Hollywood Lobbyist Passes Away

WASHINGTON, D.C., April 27: Jack
Valenti, a former presidential aide who developed the U.S. movie ratings
system and spent decades running the Motion Picture Association of America,
passed away yesterday at the age of 85.

Valenti was an aide to President Lyndon Johnson before
joining the MPAA, which he ran for almost four decades. He retired in August
2004.

According to spokesman Warren Cowan, Valenti died at his
home yesterday surrounded by his family, after suffering a stroke last month.

Prominent Hollywood and political figures have issued
statements paying tribute to Valenti. President George W. Bush remembered him
as "a great American and a great Texan" who "leaves a powerful
legacy in Washington, in Hollywood, and across our Nation."

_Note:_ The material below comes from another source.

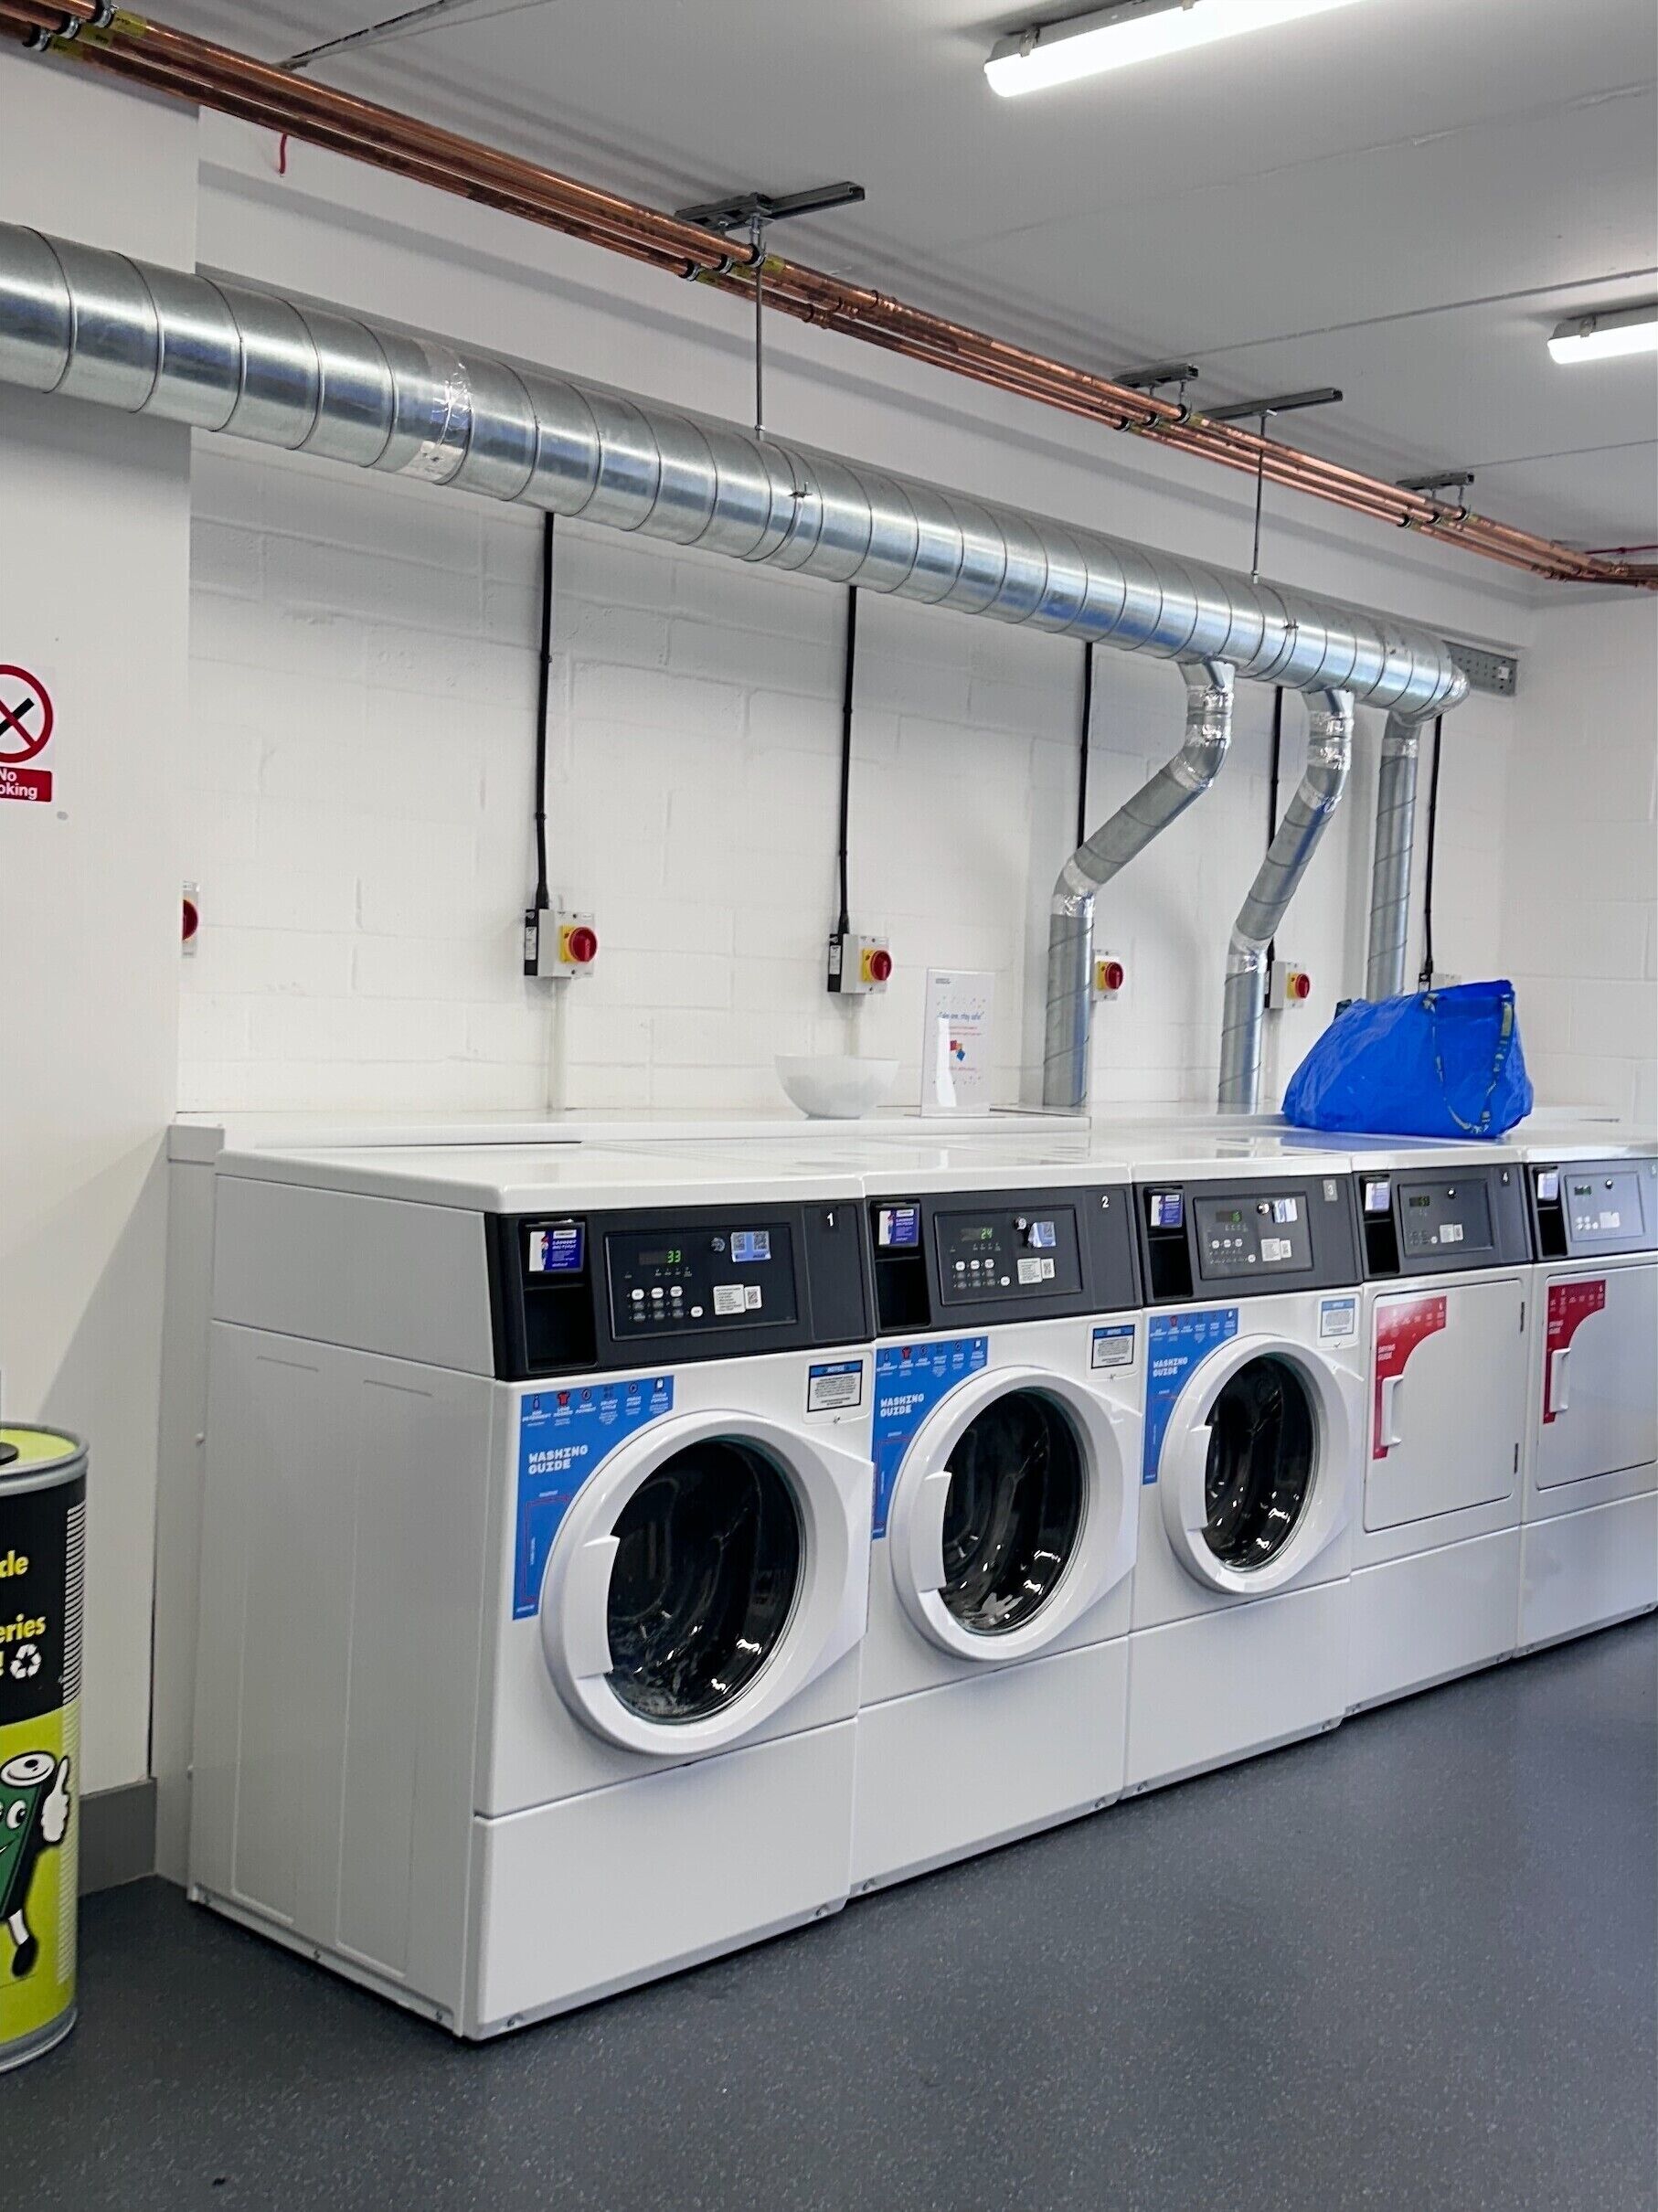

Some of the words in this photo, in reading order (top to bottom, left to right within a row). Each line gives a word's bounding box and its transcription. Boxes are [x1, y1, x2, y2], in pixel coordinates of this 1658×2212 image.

The director Steven Spielberg said: "In a sometimes
unreasonable business, Jack Valenti was a giant voice of reason. He was the
greatest ambassador Hollywood has ever known and I will value his wisdom and
friendship for all time."

Valenti is perhaps best known for ushering in the Hollywood
ratings system, and for being a staunch proponent for copyright enforcement,
sometimes coming out against new technologies; in 1982, Valenti famously told
Congress: "The VCR is to the American film producer and the American
public as the Boston Strangler is to the woman home alone.”

Valenti was born in Houston, Texas, in 1921. He worked as
theater usher before joining the army, flying 51 missions during World War Two.
Following the war, he earned a B.A. from the University of Houston and an MBA
from Harvard. In 1952, he co-founded the advertising agency Weekley and
Valenti, and soon after that he met Lyndon B. Johnson, who was the U.S. VP
under President John F. Kennedy. Valenti handled the Kennedy-Johnson ad
campaign during their race for the White House in 1960 as well as the press
coverage of the fateful trip Kennedy and Johnson took to Dallas on November 22,
1963. Valenti was in the motorcade when President Kennedy was assassinated and
on the plane back to Washington with the new president, Johnson, who offered
him a job as his special assistant. In 1966, Valenti was offered the job of
president of the MPAA. After leaving the MPAA in 2004, Valenti began lobbying
for tougher decency regulations on TV, and writing his memoir.